TASK GOAL: Set the data down again, exactly as it reads, but without the pictures.

============

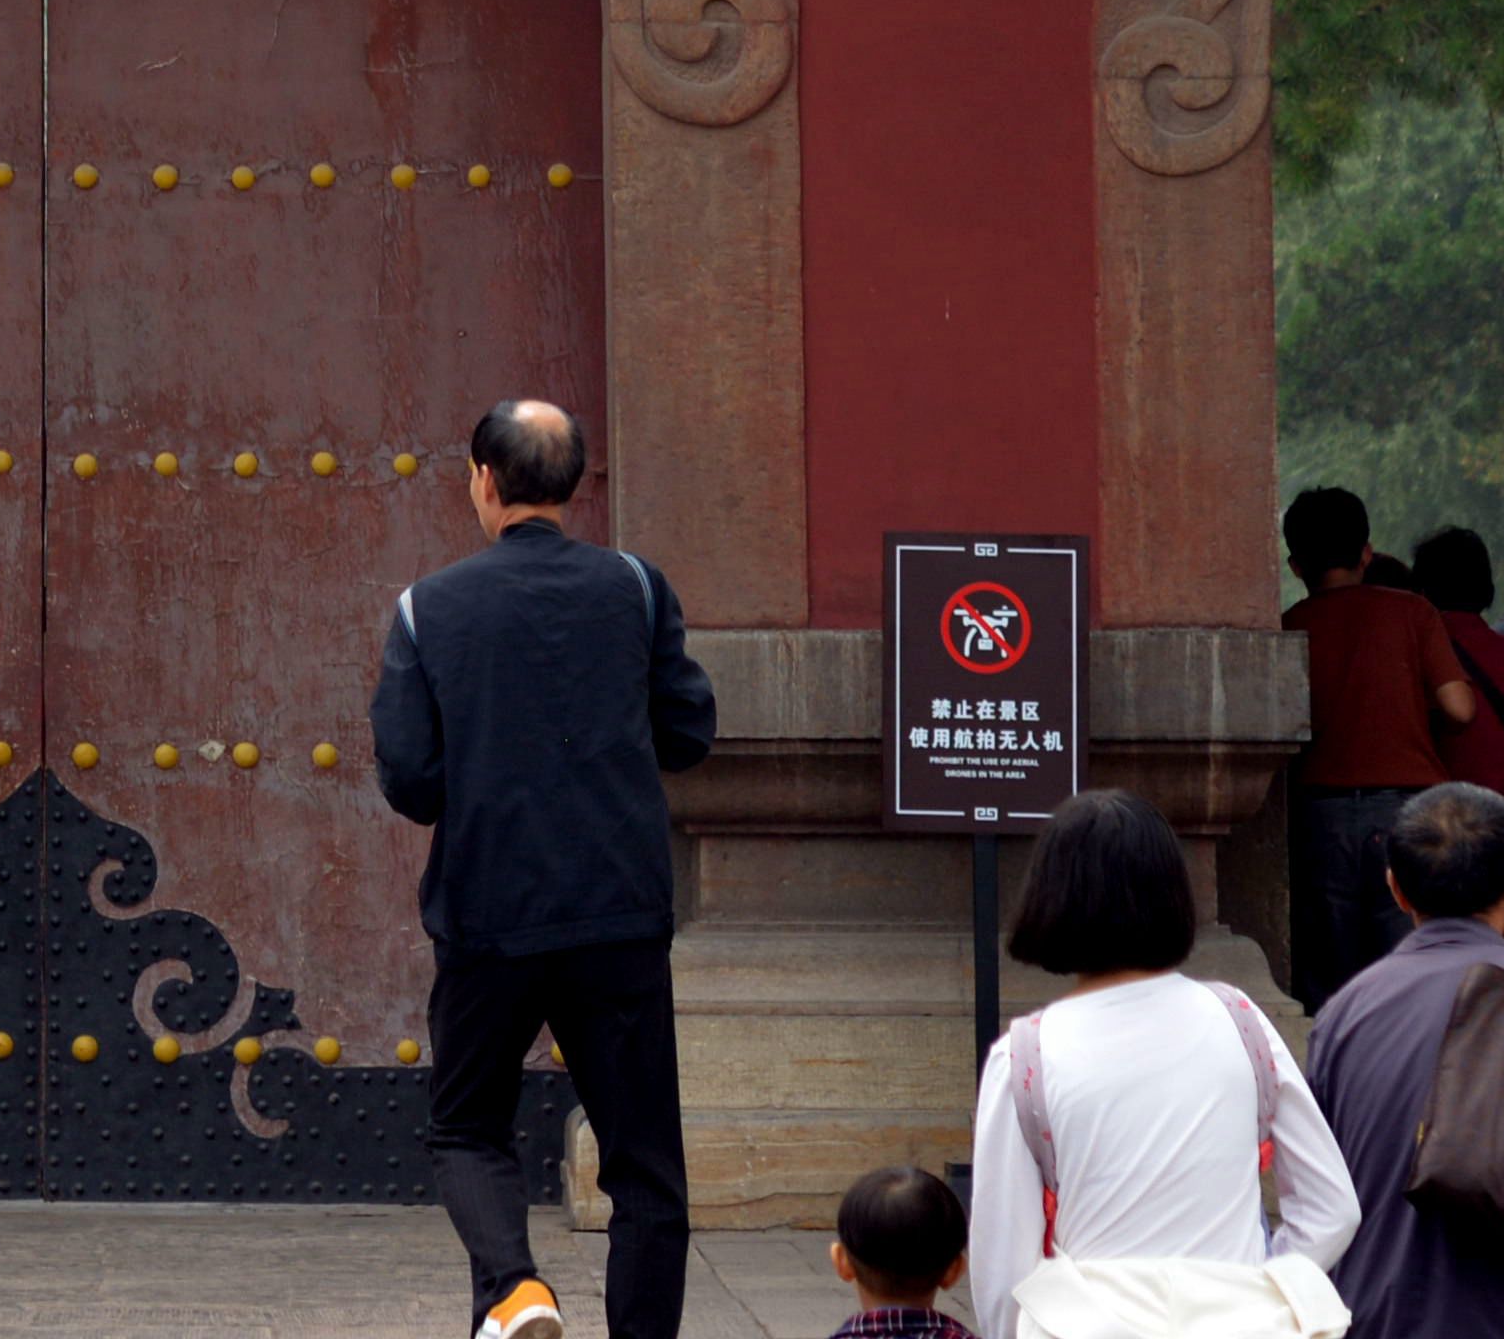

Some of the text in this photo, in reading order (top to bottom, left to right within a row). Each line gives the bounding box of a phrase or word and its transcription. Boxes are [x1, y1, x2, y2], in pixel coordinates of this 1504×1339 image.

[931, 697, 1040, 721] 禁止在景区
[908, 727, 1064, 751] 使用航拍无人机
[966, 757, 981, 765] THE
[982, 757, 998, 766] USE
[1000, 758, 1010, 766] OF
[1012, 758, 1040, 767] AERIAL
[944, 769, 1026, 779] DRONES IN THE AREA
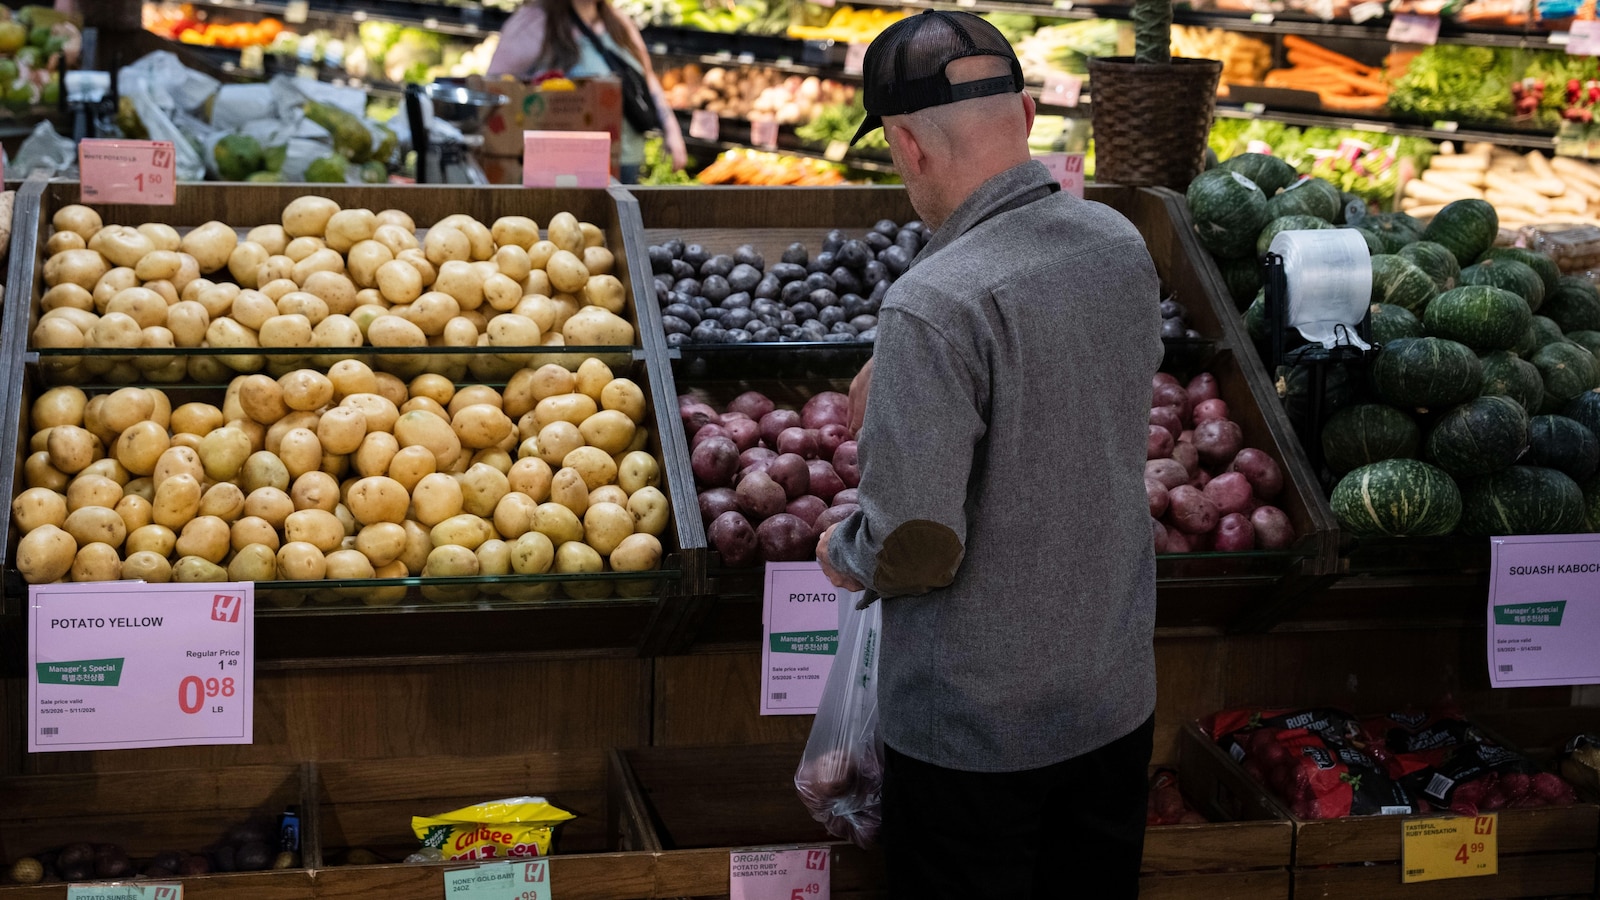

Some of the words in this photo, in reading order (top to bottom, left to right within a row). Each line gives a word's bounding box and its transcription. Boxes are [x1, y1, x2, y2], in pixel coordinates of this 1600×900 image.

============

ANSWER FOR THIS EXERCISE:
Some of the text in this photo, in reading order (top to bottom, left to right within a row). Each line gives the bounding box of a phrase or word and its transcription. Boxes are [x1, y1, x2, y2], in pixel coordinates of this 1504×1339 image.

[931, 697, 1040, 721] 禁止在景区
[908, 727, 1064, 751] 使用航拍无人机
[966, 757, 981, 765] THE
[982, 757, 998, 766] USE
[1000, 758, 1010, 766] OF
[1012, 758, 1040, 767] AERIAL
[944, 769, 1026, 779] DRONES IN THE AREA

Some of the words in this photo, in reading order (top to bottom, left to right within a row). Each line gives a word's bounding box and its transcription. Boxes are [x1, y1, x2, y2], in pixel coordinates of this 1600×900 image.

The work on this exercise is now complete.